━━━━━ Information shown
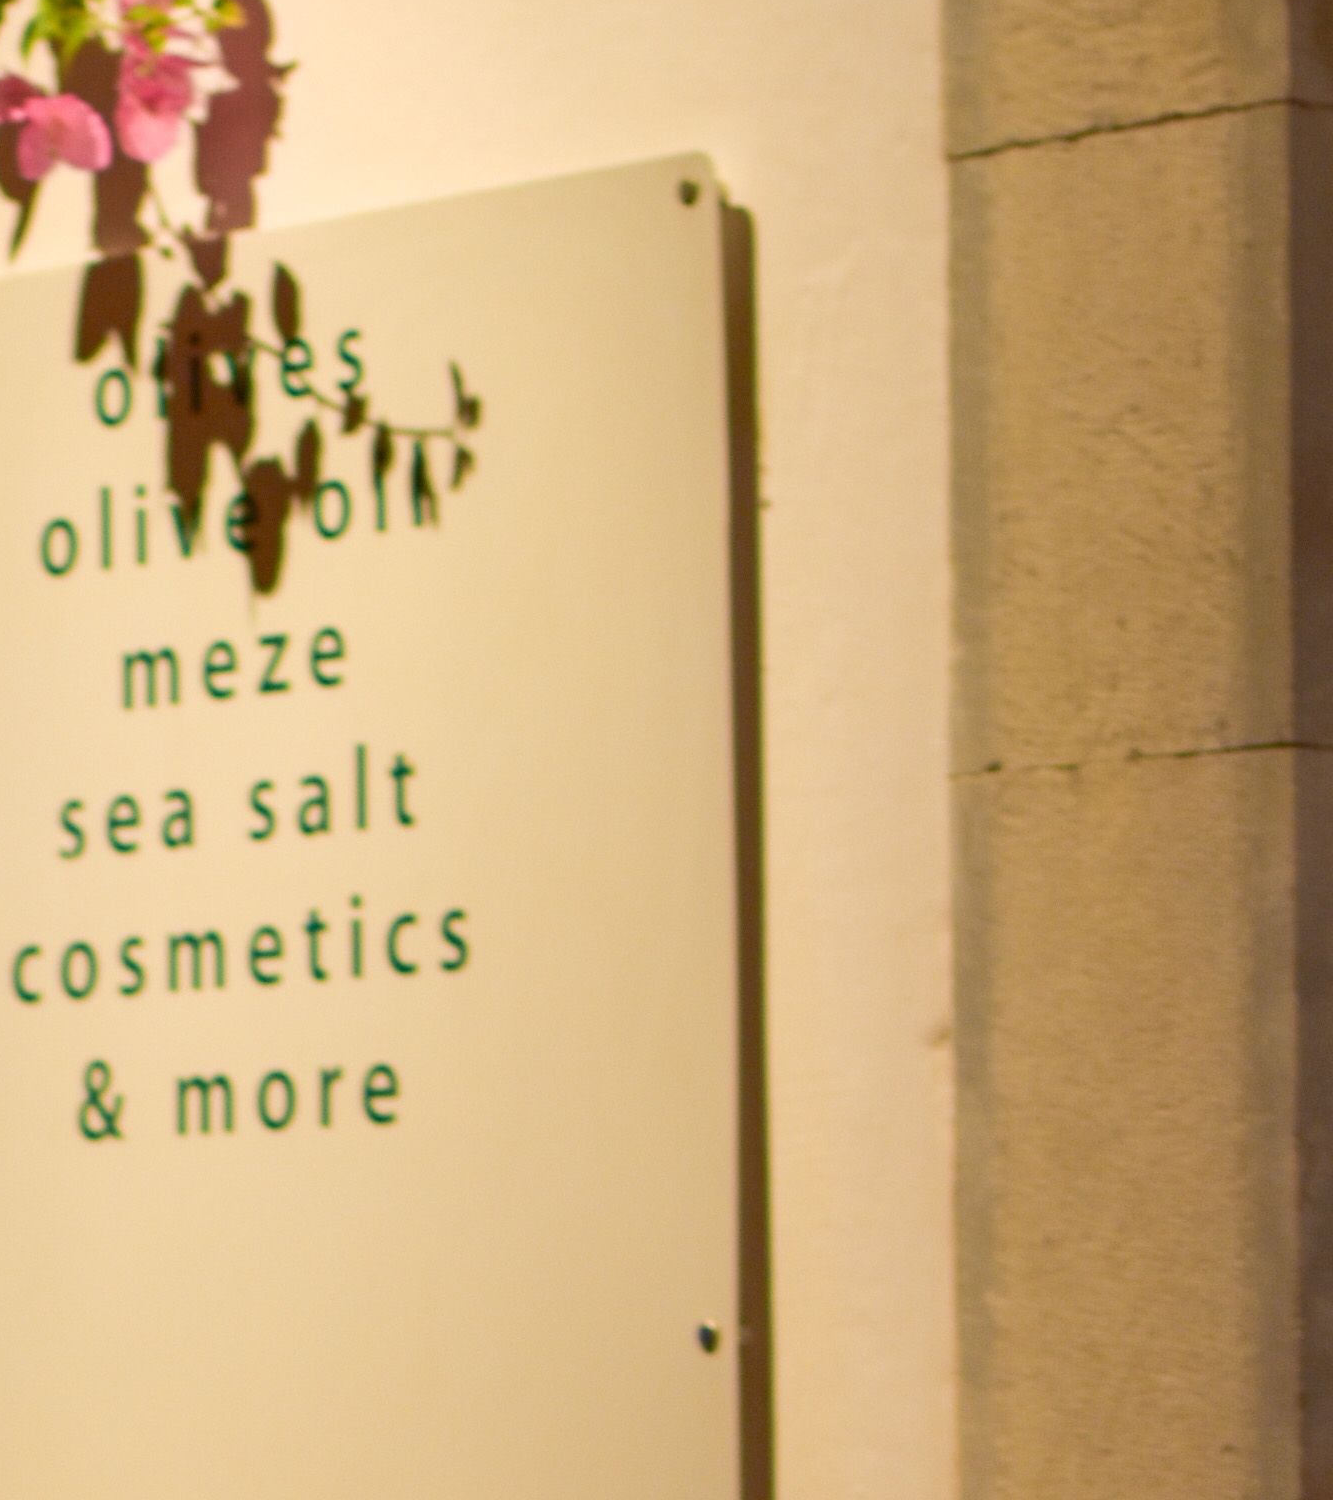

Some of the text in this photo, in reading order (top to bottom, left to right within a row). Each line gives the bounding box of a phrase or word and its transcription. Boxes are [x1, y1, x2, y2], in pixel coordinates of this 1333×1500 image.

[39, 482, 261, 577] olive
[121, 626, 348, 709] meze
[57, 743, 418, 860] sea salt
[10, 895, 471, 1005] cosmetics
[77, 1060, 402, 1142] & more
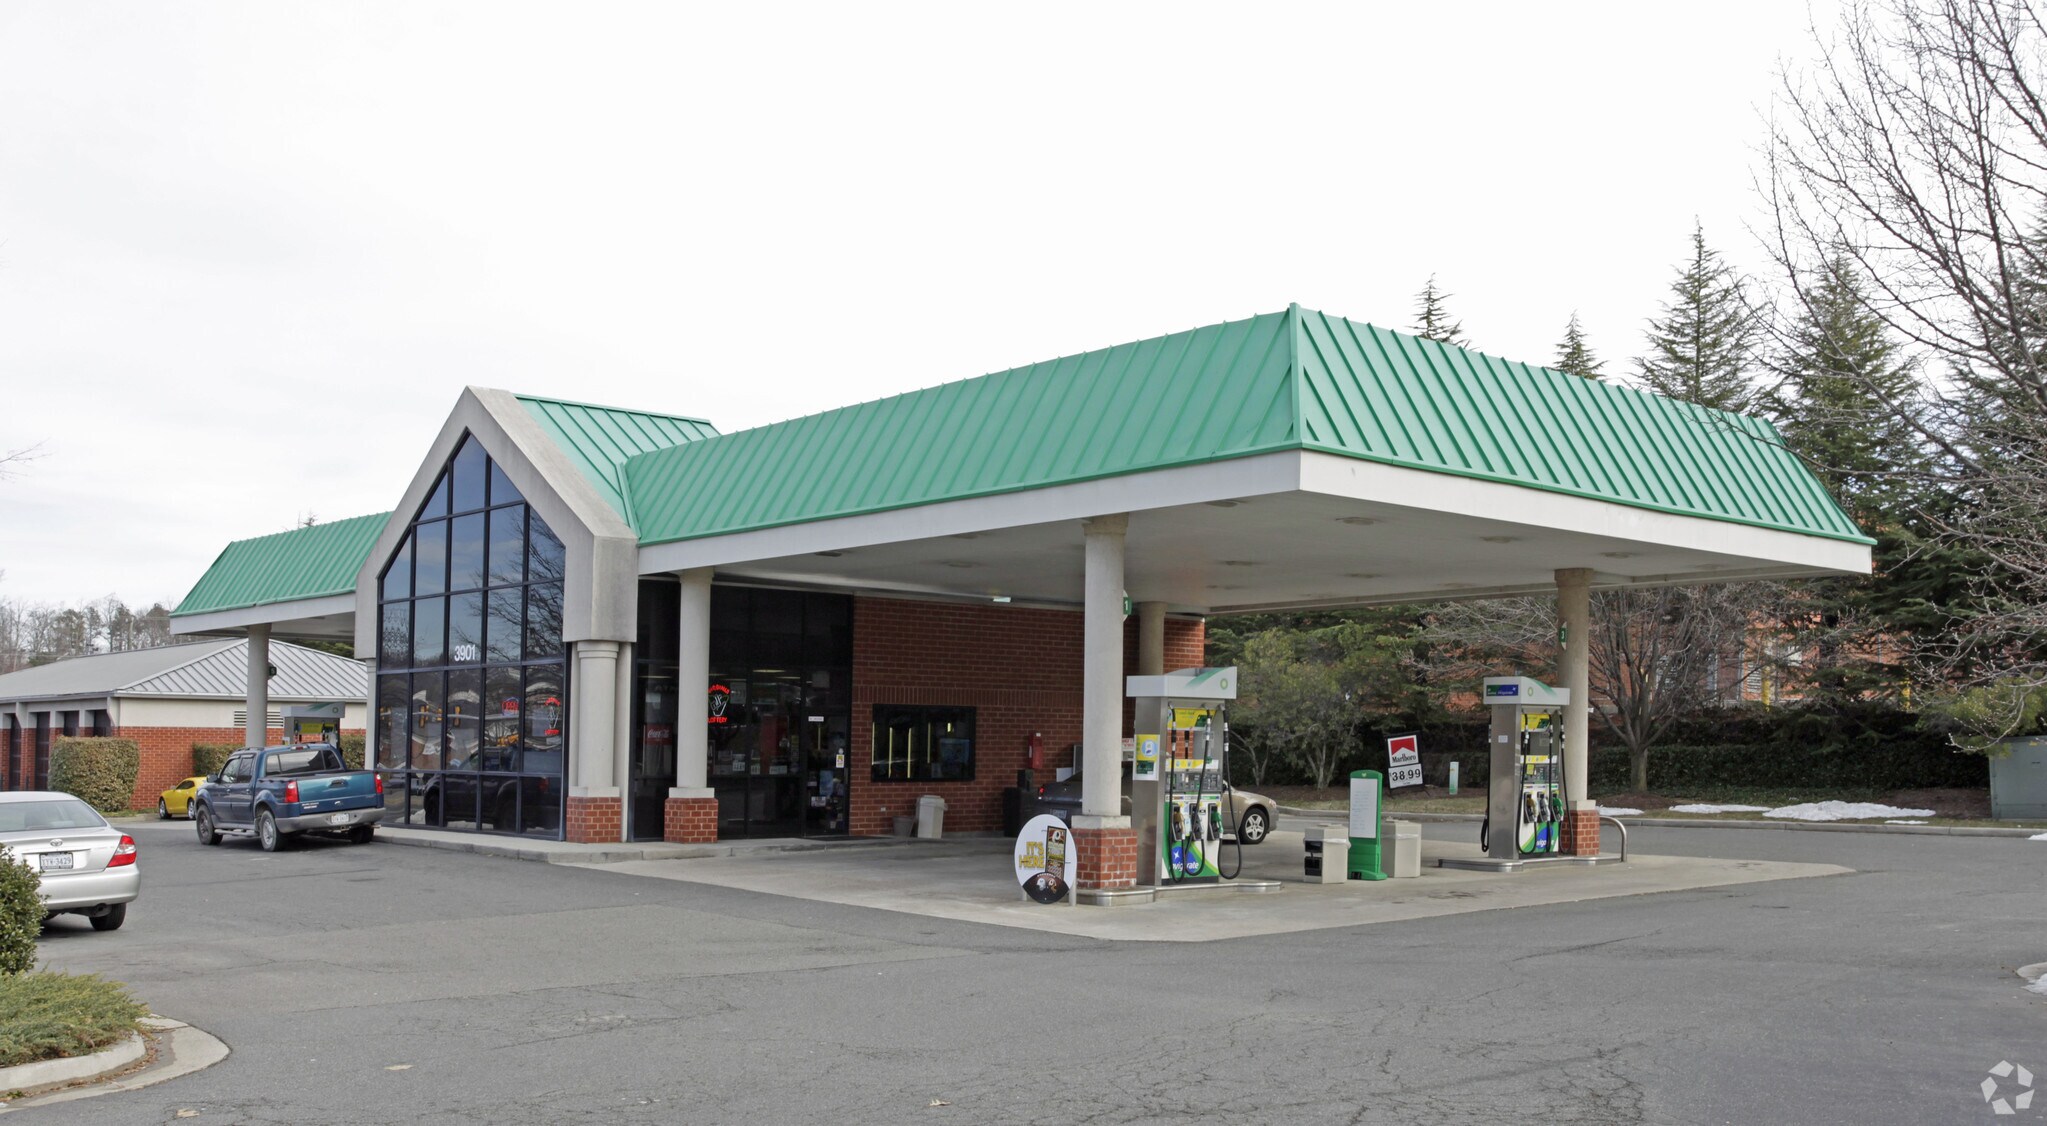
━━━━━━━━━━
#### [Task requirements]
Pictures aside, repeat every line of the data above exactly.

#### [Exercise answer]
Some of the text in this photo, in reading order (top to bottom, left to right within a row). Each line gives the bounding box of a phrase or word and its transcription. Boxes are [x1, y1, x2, y2], in pixel coordinates of this 1333×1500 image.

[39, 482, 261, 577] olive
[121, 626, 348, 709] meze
[57, 743, 418, 860] sea salt
[10, 895, 471, 1005] cosmetics
[77, 1060, 402, 1142] & more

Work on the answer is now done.